### Instructions to follow
Find the line that contains "this 2400×1080 image.". Then set down that line and all the lines after it, to the end of the records, exactly and with nothing added.

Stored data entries
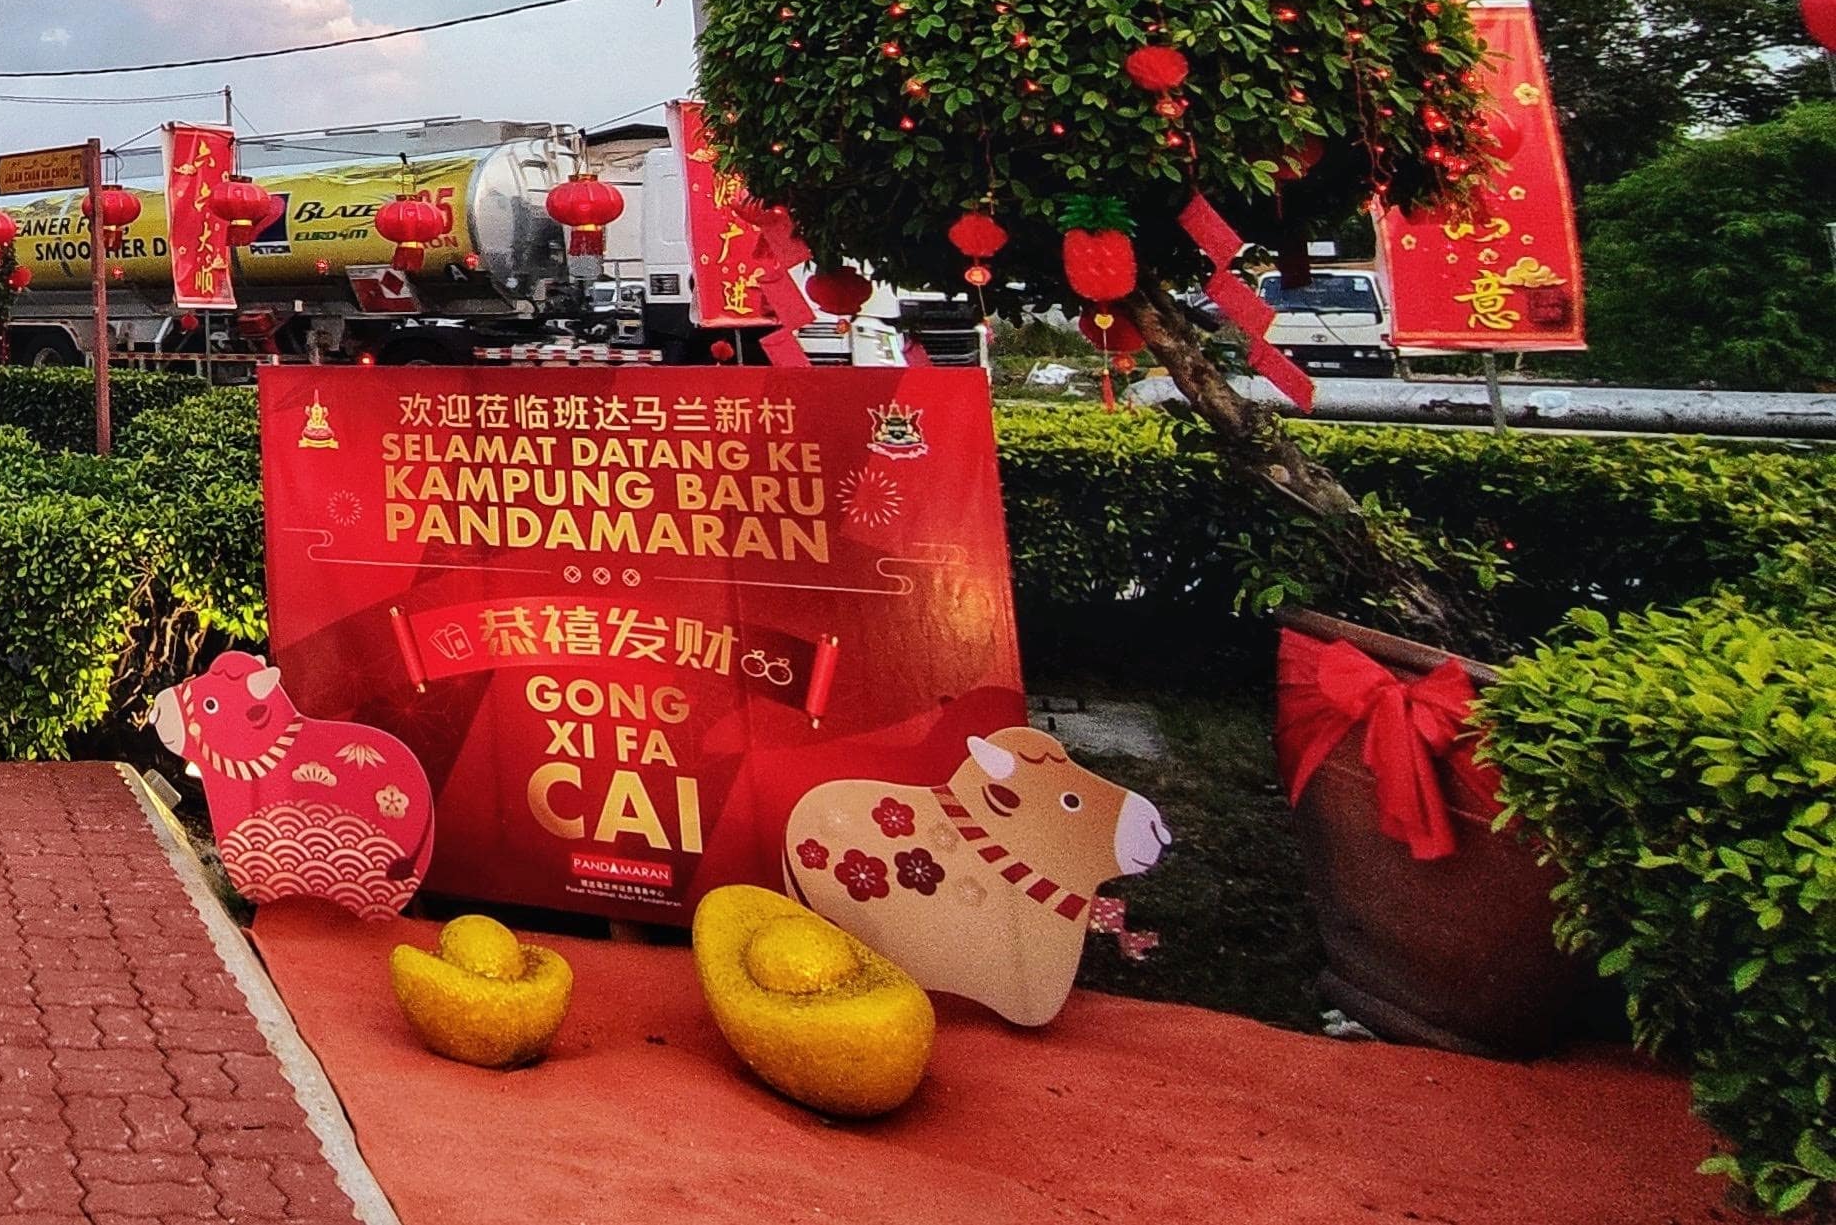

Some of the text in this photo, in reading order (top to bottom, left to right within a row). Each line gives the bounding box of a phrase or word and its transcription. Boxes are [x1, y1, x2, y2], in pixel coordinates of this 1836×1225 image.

[35, 238, 147, 261] SMOOHER
[398, 393, 796, 434] 欢迎莅临班达马兰新村
[382, 433, 822, 474] SELAMAT DATANG KE
[384, 466, 826, 518] KAMPUNG BARU
[385, 503, 831, 564] PANDAMARAN
[478, 604, 740, 676] 恭禧发财
[526, 675, 691, 724] GONG
[544, 719, 678, 767] XI FA
[526, 762, 704, 855] CAI
[573, 857, 670, 880] PANDAMARAN
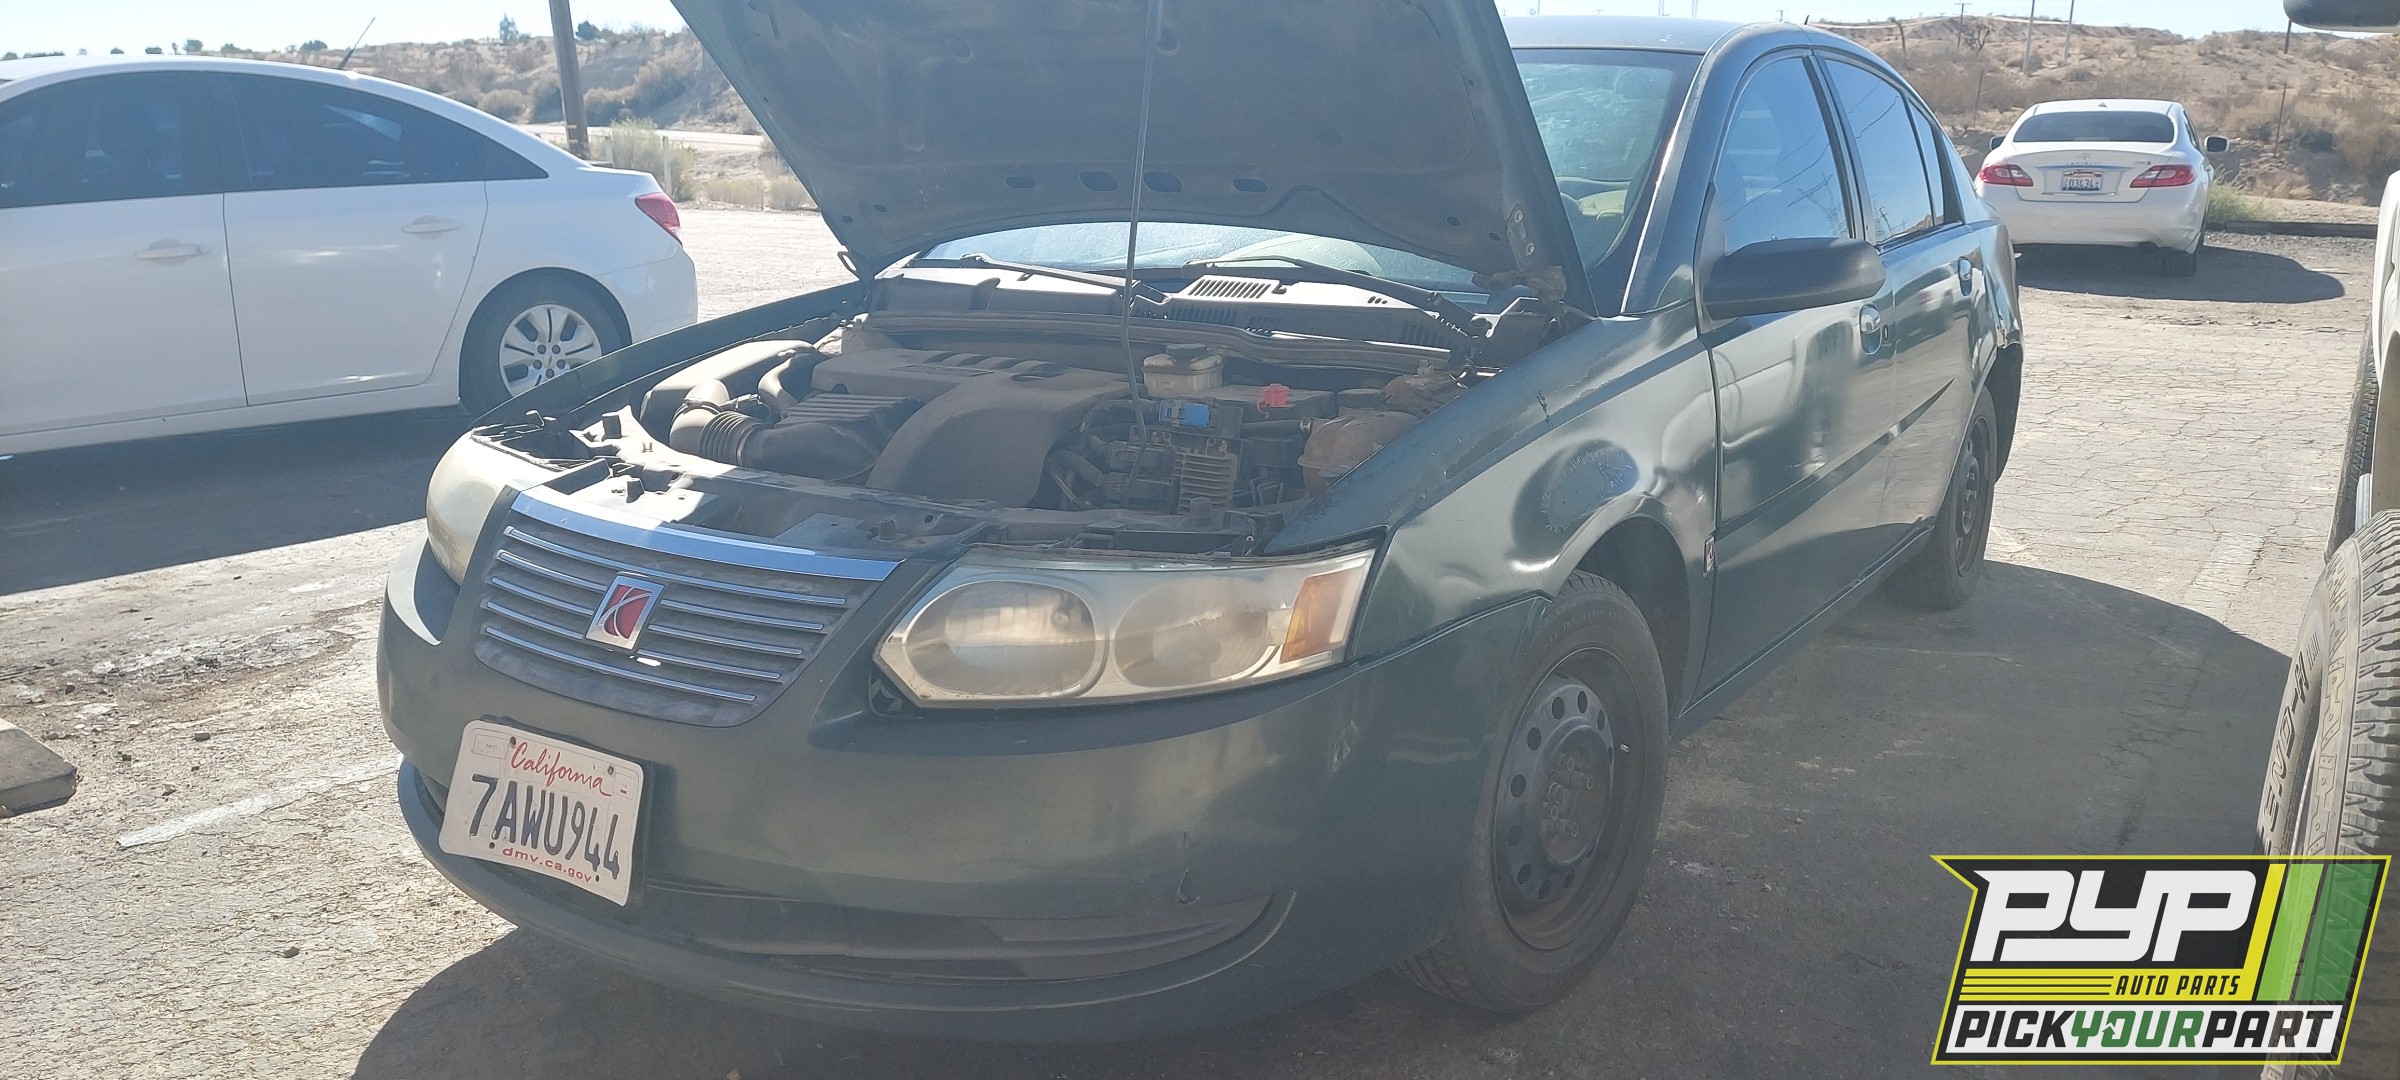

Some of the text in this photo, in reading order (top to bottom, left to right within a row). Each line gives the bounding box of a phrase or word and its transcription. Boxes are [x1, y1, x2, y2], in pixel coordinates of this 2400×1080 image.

[511, 741, 612, 797] California
[468, 773, 620, 880] 7AWU944
[502, 847, 592, 883] dmv.ca.gov

### Task result
Some of the text in this photo, in reading order (top to bottom, left to right within a row). Each line gives the bounding box of a phrase or word and its transcription. Boxes are [x1, y1, x2, y2], in pixel coordinates of this 2400×1080 image.

[511, 741, 612, 797] California
[468, 773, 620, 880] 7AWU944
[502, 847, 592, 883] dmv.ca.gov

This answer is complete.